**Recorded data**
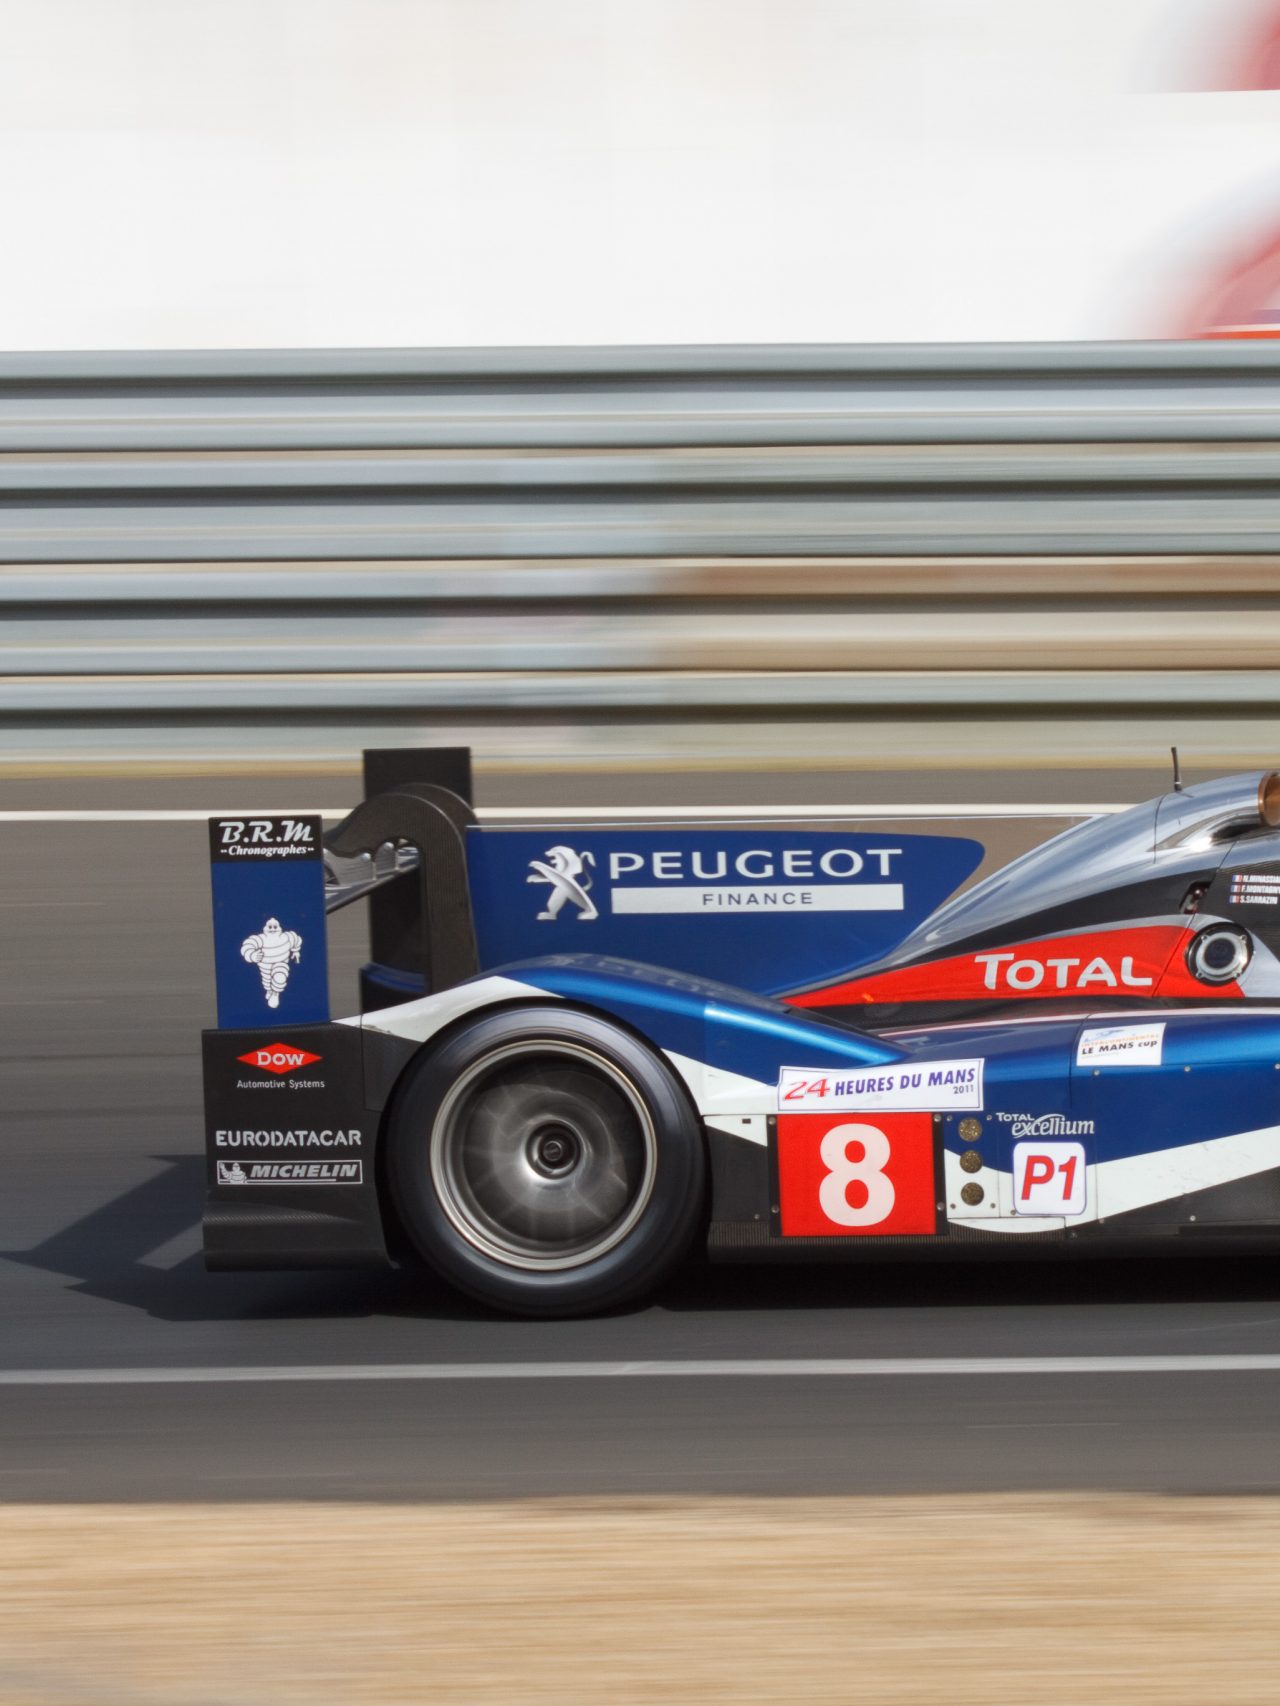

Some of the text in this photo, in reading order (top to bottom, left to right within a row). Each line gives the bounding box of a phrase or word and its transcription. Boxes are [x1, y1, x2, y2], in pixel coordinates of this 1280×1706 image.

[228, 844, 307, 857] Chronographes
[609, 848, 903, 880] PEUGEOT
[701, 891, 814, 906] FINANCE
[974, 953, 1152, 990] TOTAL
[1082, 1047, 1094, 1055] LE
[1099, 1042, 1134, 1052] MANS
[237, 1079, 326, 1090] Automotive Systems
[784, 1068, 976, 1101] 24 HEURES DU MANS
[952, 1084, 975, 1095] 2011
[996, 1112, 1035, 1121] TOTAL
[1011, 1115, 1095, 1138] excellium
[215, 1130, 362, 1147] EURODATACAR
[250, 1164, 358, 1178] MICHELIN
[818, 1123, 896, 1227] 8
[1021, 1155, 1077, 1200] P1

**Task goal**
Output the data exactly, pictures omitted.

**Solved problem**
Some of the text in this photo, in reading order (top to bottom, left to right within a row). Each line gives the bounding box of a phrase or word and its transcription. Boxes are [x1, y1, x2, y2], in pixel coordinates of this 1280×1706 image.

[228, 844, 307, 857] Chronographes
[609, 848, 903, 880] PEUGEOT
[701, 891, 814, 906] FINANCE
[974, 953, 1152, 990] TOTAL
[1082, 1047, 1094, 1055] LE
[1099, 1042, 1134, 1052] MANS
[237, 1079, 326, 1090] Automotive Systems
[784, 1068, 976, 1101] 24 HEURES DU MANS
[952, 1084, 975, 1095] 2011
[996, 1112, 1035, 1121] TOTAL
[1011, 1115, 1095, 1138] excellium
[215, 1130, 362, 1147] EURODATACAR
[250, 1164, 358, 1178] MICHELIN
[818, 1123, 896, 1227] 8
[1021, 1155, 1077, 1200] P1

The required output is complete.